Exercise >> Once you reach the line with "this 1420×1065 image.", transcribe it and every line after it to the end of the records, exactly, but not the pictures.

Data for this task >>

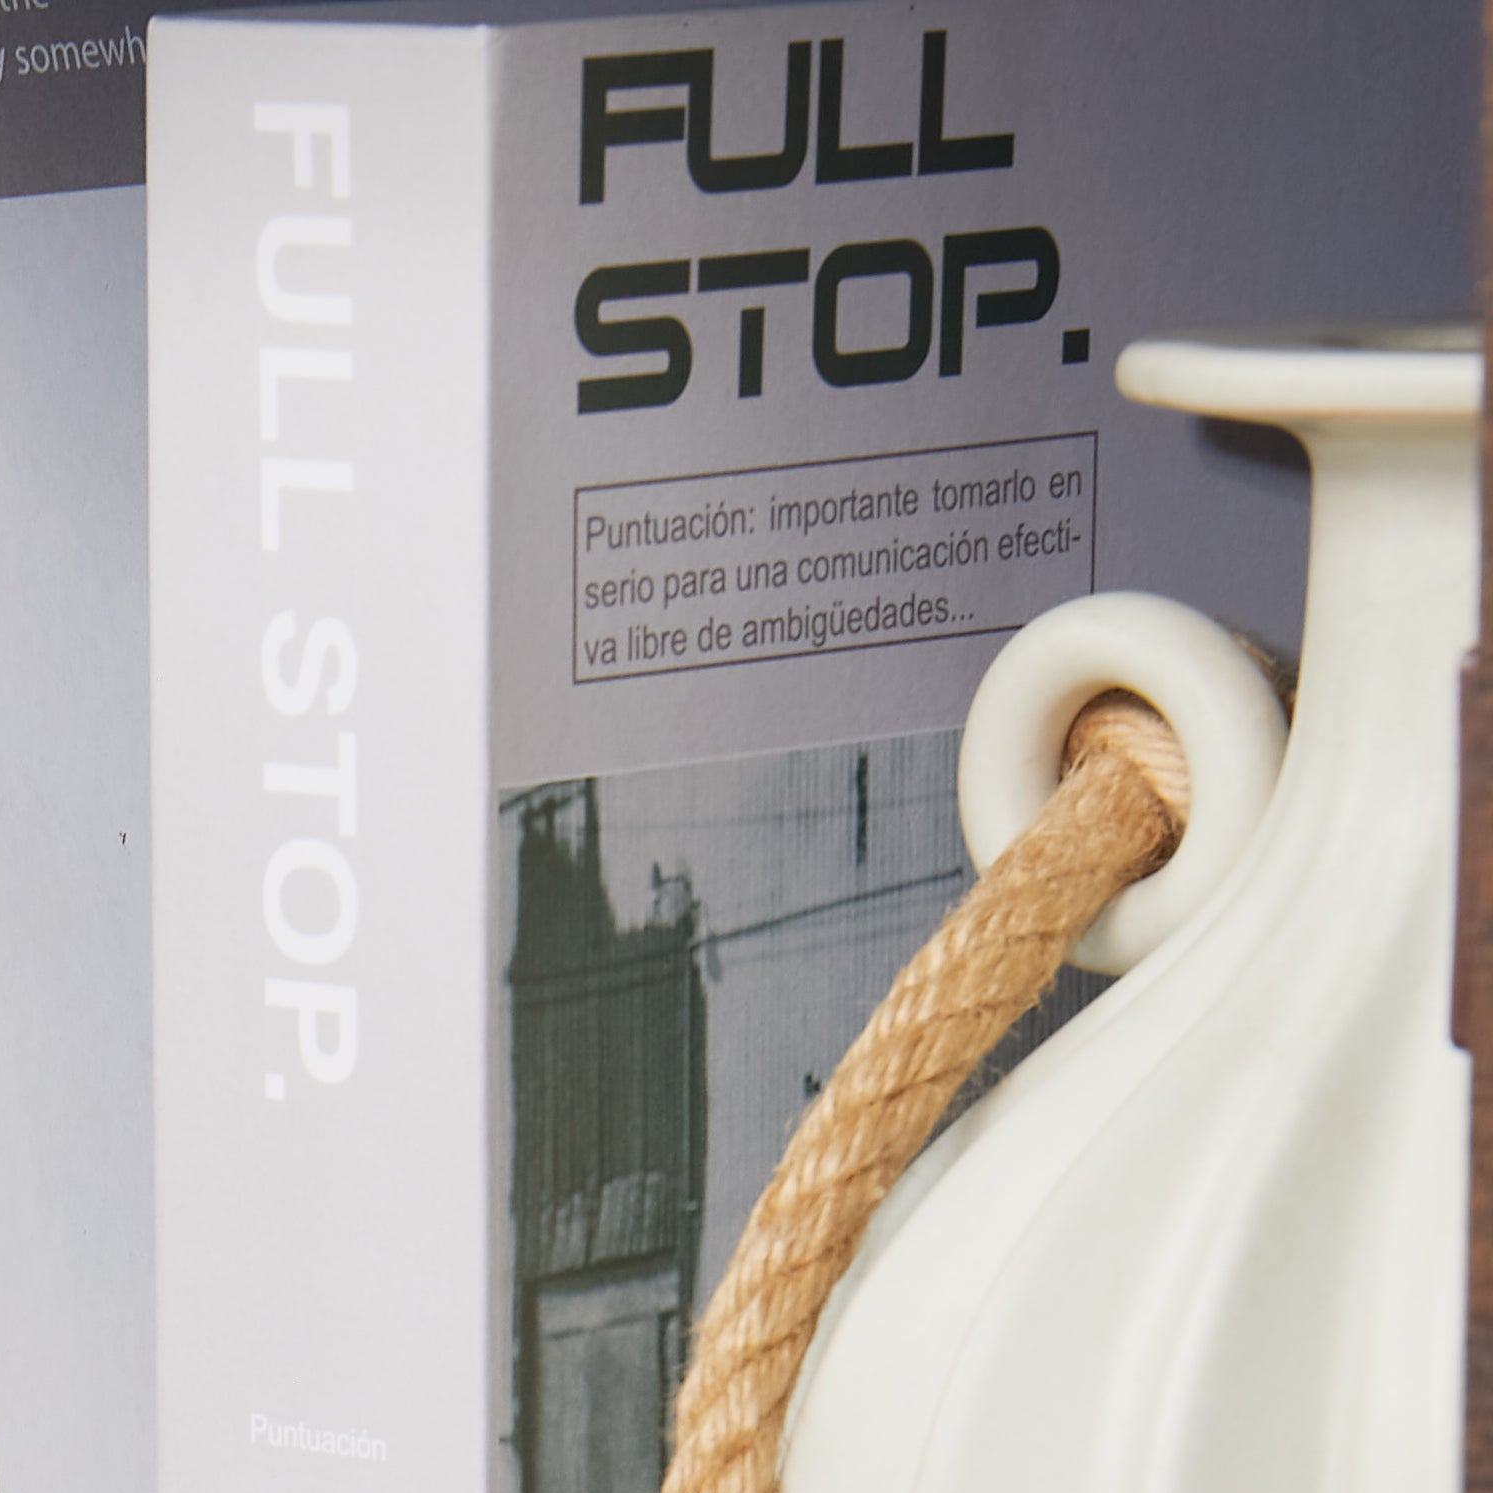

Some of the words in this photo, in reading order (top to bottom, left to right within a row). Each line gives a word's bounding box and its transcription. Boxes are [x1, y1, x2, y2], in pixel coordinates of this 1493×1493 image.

[14, 24, 147, 76] somewh
[578, 29, 1015, 206] FULL
[253, 101, 355, 553] FULL
[573, 226, 1091, 416] STOP.
[585, 501, 756, 552] Puntuación:
[769, 482, 919, 537] importante
[932, 468, 1036, 513] tomarlo
[1048, 469, 1083, 499] en
[584, 568, 655, 610] serio
[663, 566, 727, 611] para
[736, 559, 788, 593] una
[797, 529, 989, 585] comunicación
[997, 517, 1082, 562] efecti-
[584, 636, 617, 667] va
[627, 624, 688, 662] libre
[697, 616, 732, 653] de
[741, 591, 975, 648] ambigüedades...
[260, 608, 360, 1101] STOP.
[249, 1412, 387, 1462] Puntuación
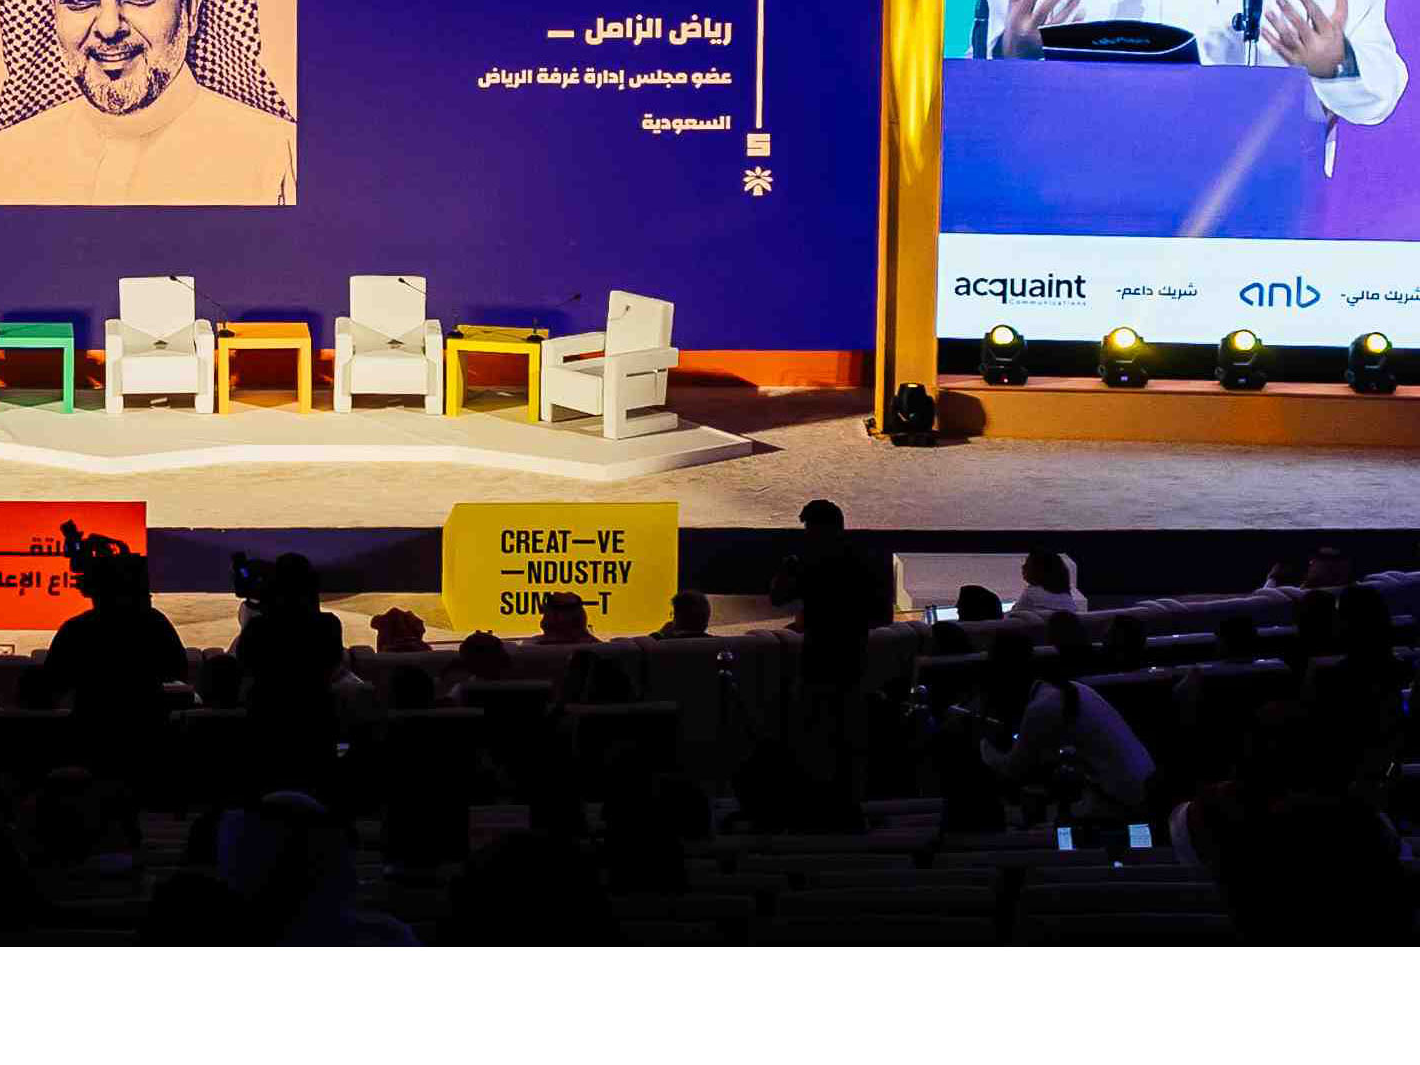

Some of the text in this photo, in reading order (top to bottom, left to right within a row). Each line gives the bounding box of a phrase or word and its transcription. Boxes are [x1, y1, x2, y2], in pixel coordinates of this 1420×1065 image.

[584, 14, 732, 46] رياض الزامل
[477, 67, 733, 91] عضو مجلس إدارة غرفة الرياض
[641, 113, 732, 135] السعودية
[954, 272, 1087, 306] acquaint
[1158, 283, 1199, 301] شريك
[1238, 275, 1322, 309] anb
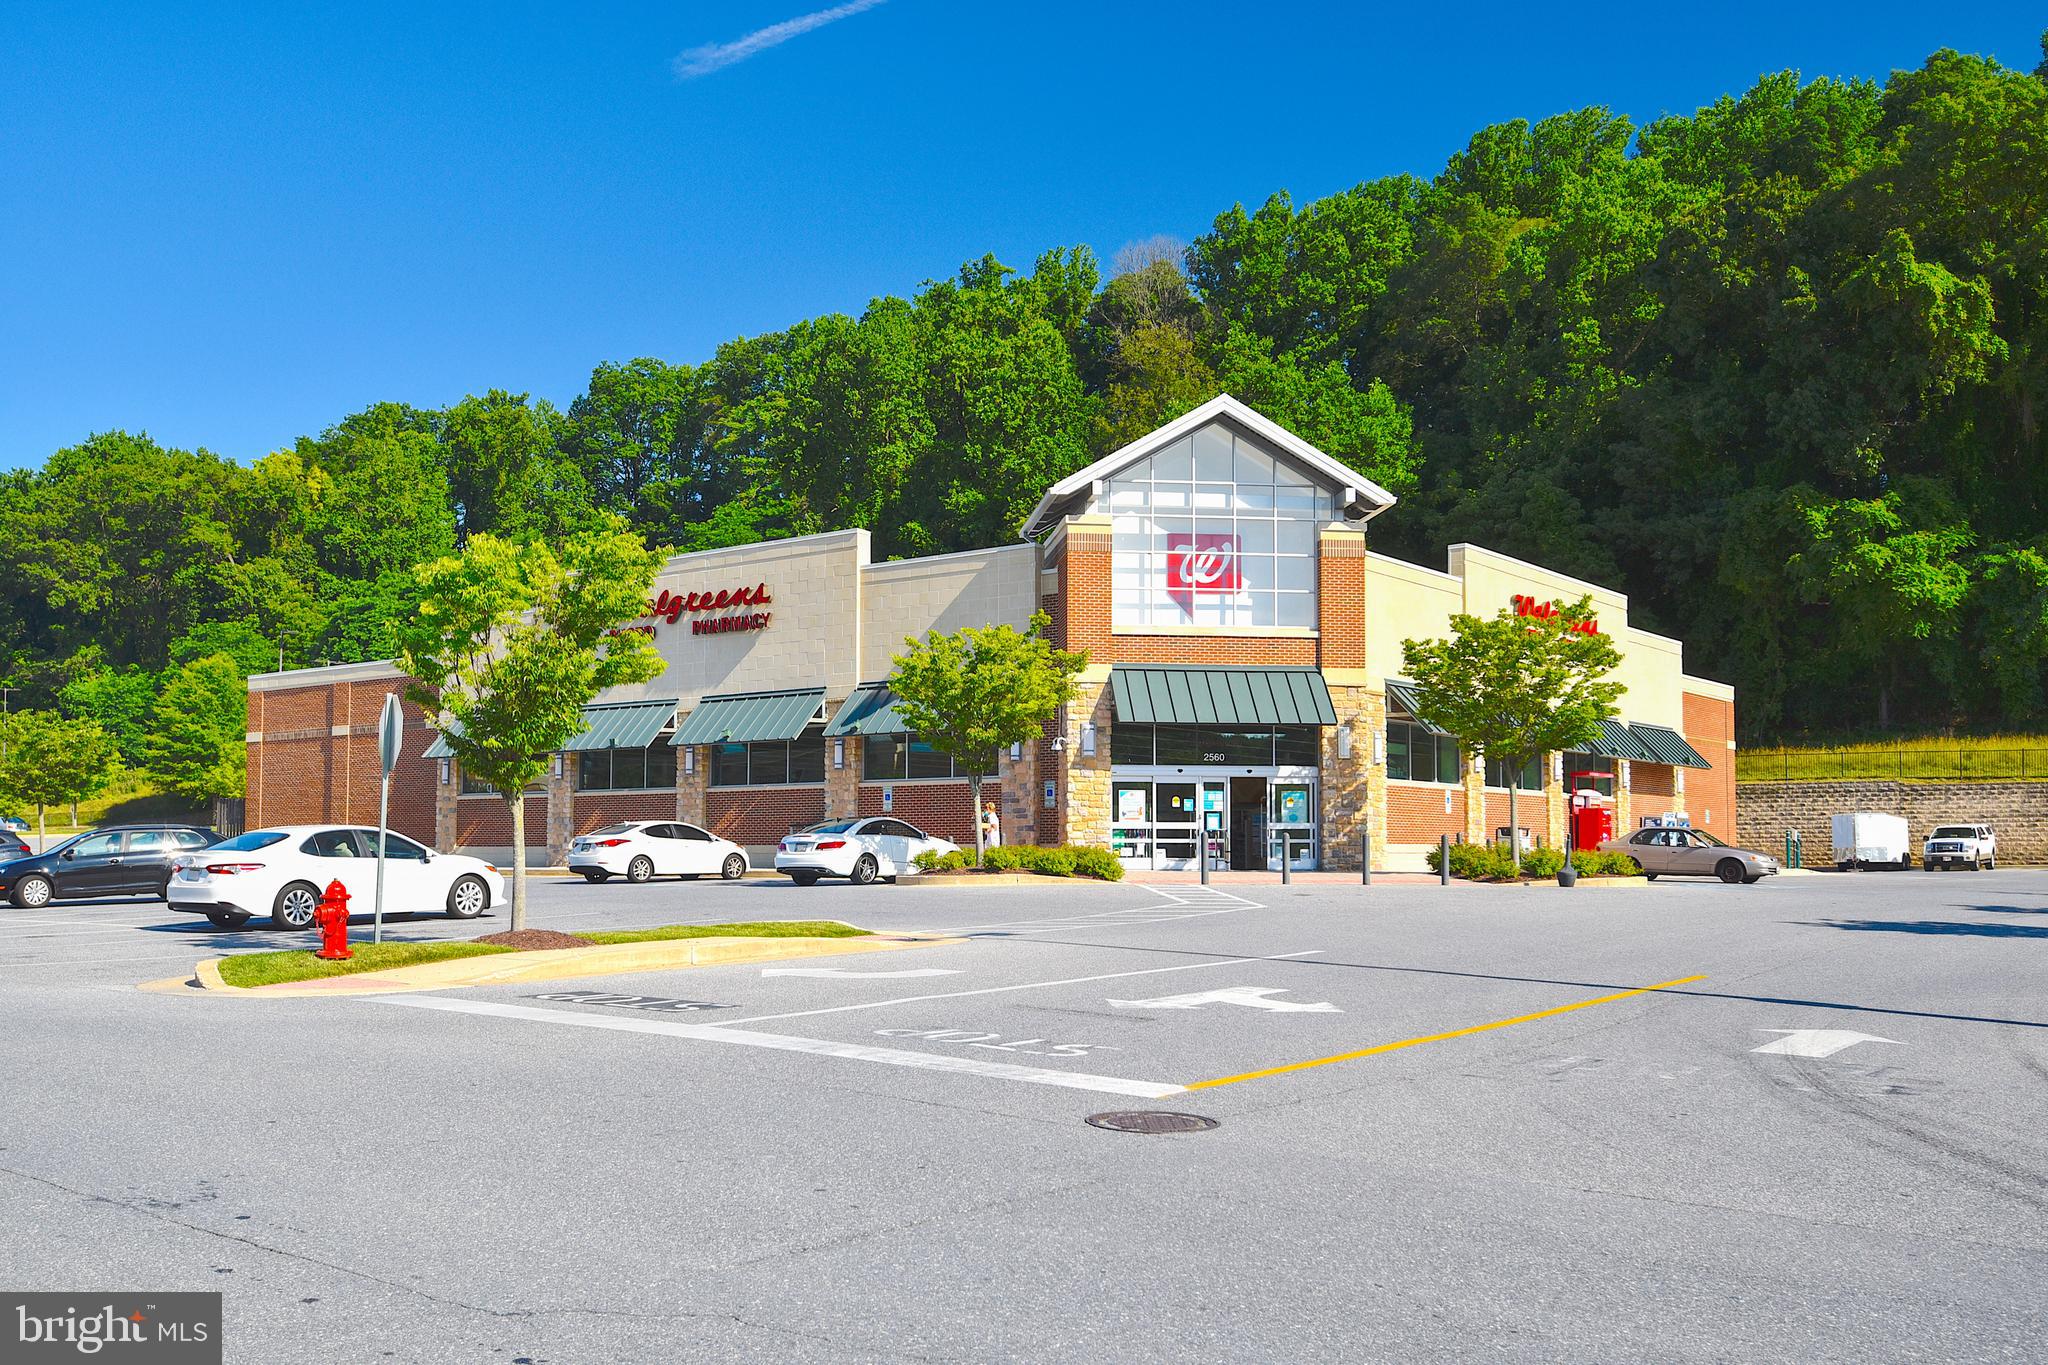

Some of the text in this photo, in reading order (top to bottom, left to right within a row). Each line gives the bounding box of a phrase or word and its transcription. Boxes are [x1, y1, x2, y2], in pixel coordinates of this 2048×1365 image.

Exercise result >>
Some of the text in this photo, in reading order (top to bottom, left to right within a row). Each line gives the bounding box of a phrase or word and its transcription. Boxes are [x1, y1, x2, y2], in pixel coordinates of this 1420×1065 image.

[584, 14, 732, 46] رياض الزامل
[477, 67, 733, 91] عضو مجلس إدارة غرفة الرياض
[641, 113, 732, 135] السعودية
[954, 272, 1087, 306] acquaint
[1158, 283, 1199, 301] شريك
[1238, 275, 1322, 309] anb

Some of the text in this photo, in reading order (top to bottom, left to right within a row). Each line gives the bounding box of a phrase or word and its transcription. Boxes are [x1, y1, x2, y2], in pixel coordinates of this 2048×1365 image.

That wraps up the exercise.